Depuis des années, les départs de migrants se font en grande majorité depuis l’Ouest libyen, bien plus proche des côtes italiennes. Mais ce nouveau chemin migratoire se développe fortement et représente depuis janvier environ 59 % des départs de Libye, selon l’Organisation internationale des migrations.
A la suite de ce drame, nombreux sont les pays occidentaux qui accusent le maréchal Khalifa Haftar de favoriser ou, du moins « de fermer les yeux » sur ce trafic d’êtres humains qui cherchent à se rapprocher le plus possible des côtes méditerranéennes pour atteindre l’Europe.
Pourtant les pays européens ont poussé les autorités libyennes et les garde-côtes à détenir et à intercepter les migrants qui tentent de rejoindre les côtes européennes. Beaucoup de ceux qui ont été interceptés et renvoyés en Libye -y compris des femmes et des enfants- sont détenus dans des centres gérés par le gouvernement où ils subissent des abus, notamment des actes de torture, des viols et des extorsions, selon des groupes de défense des droits
Selon des associations libyennes d’aide aux migrants, les autorités libyennes ont libéré début juin, des milliers de migrants détenus dans des entrepôts de trafiquants d’êtres humains… avant de les entasser dans un hangar à la frontière égyptienne.

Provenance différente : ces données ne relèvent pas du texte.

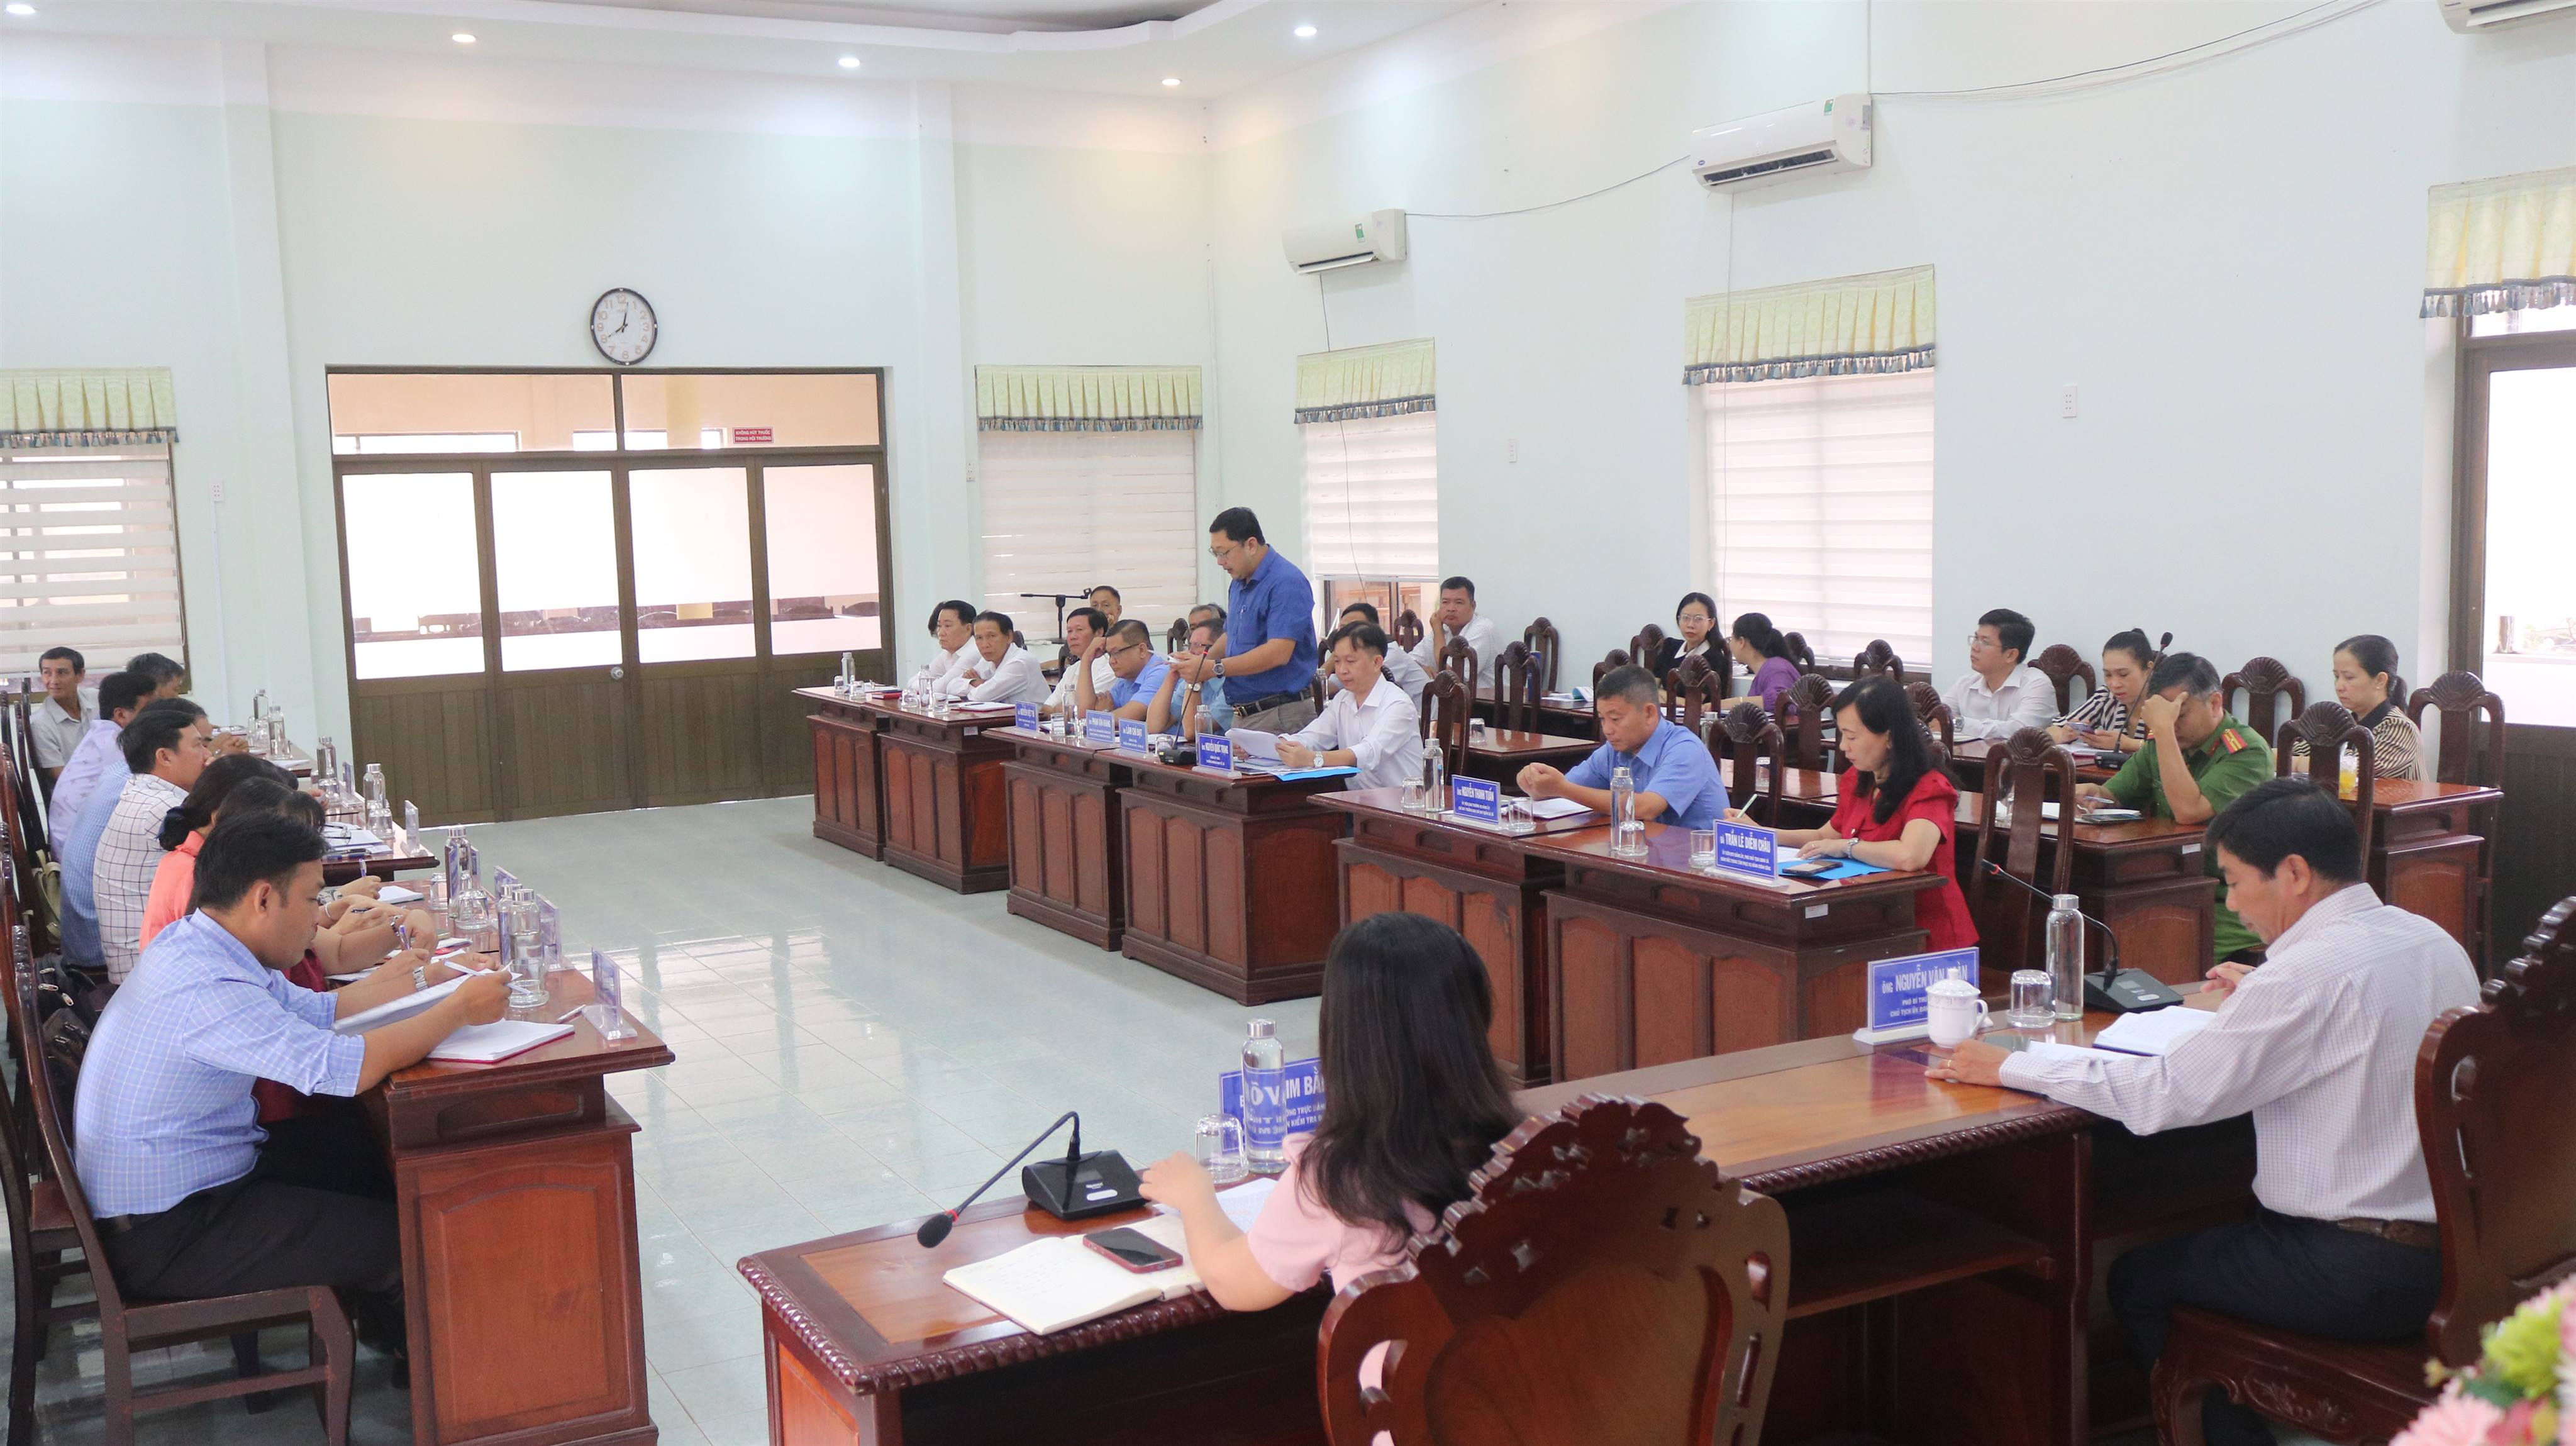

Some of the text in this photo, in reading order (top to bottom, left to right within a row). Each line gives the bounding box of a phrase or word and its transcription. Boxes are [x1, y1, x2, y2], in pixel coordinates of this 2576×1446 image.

[604, 299, 613, 309] 11
[616, 294, 626, 304] 12
[633, 301, 637, 309] 1
[597, 311, 608, 320] 10
[640, 311, 647, 320] 2
[643, 322, 650, 331] 3
[641, 335, 648, 343] 4
[608, 345, 615, 355] 7
[635, 345, 642, 355] 5
[1738, 832, 1745, 848] LÊ
[1758, 837, 1770, 853] CHÂU
[1882, 981, 1894, 993] ÔNG
[1896, 964, 1927, 992] NGUYỄN
[1285, 1077, 1301, 1099] IM
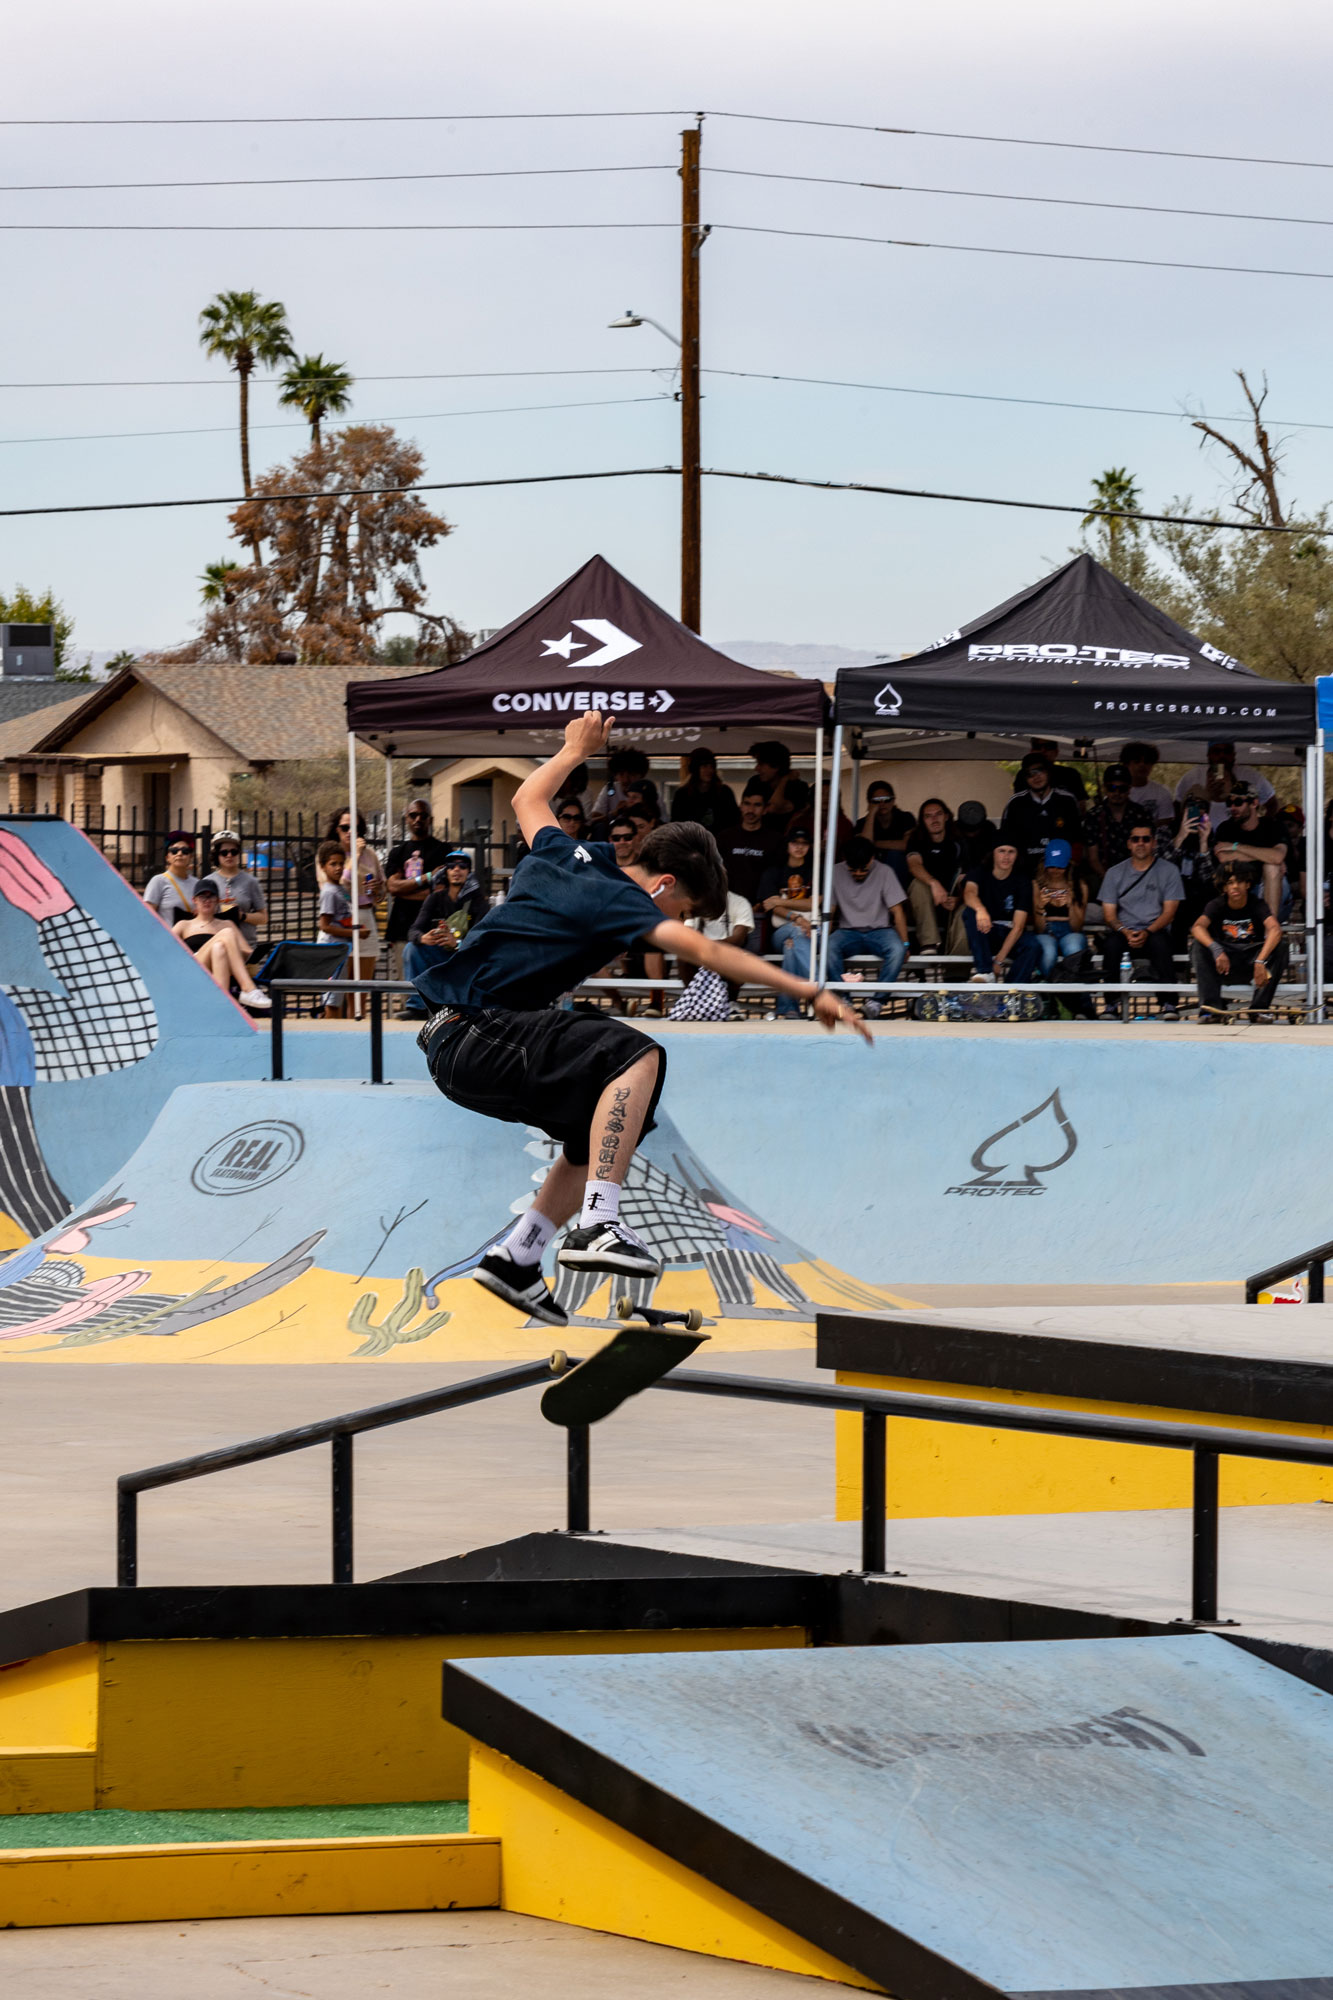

Près de 6 000 exilés, dont de nombreux Égyptiens, ont ainsi été « libérés » au cours de deux raids lancés dans la ville de Musaid, et d’autres localités de l’est.
Des vidéos relayées sur le compte Facebook de l’association Al-Abreen montrent des milliers de personnes marchant dans le désert après les assauts libyens. Souvent dissimulés dans des entrepôts vides ou des usines désaffectées, ces lieux de détention informels utilisés par les trafiquants sont de véritables zones de non-droit où les conditions de vie des migrants sont indignes.
Mais après leur « libération », les exilés ont été emmenés dans une autre forme de prison : un immense hangar à la frontière égyptienne où ils sont actuellement parqués dans des conditions de vie « difficiles et inhumaines », selon Al-Abreen.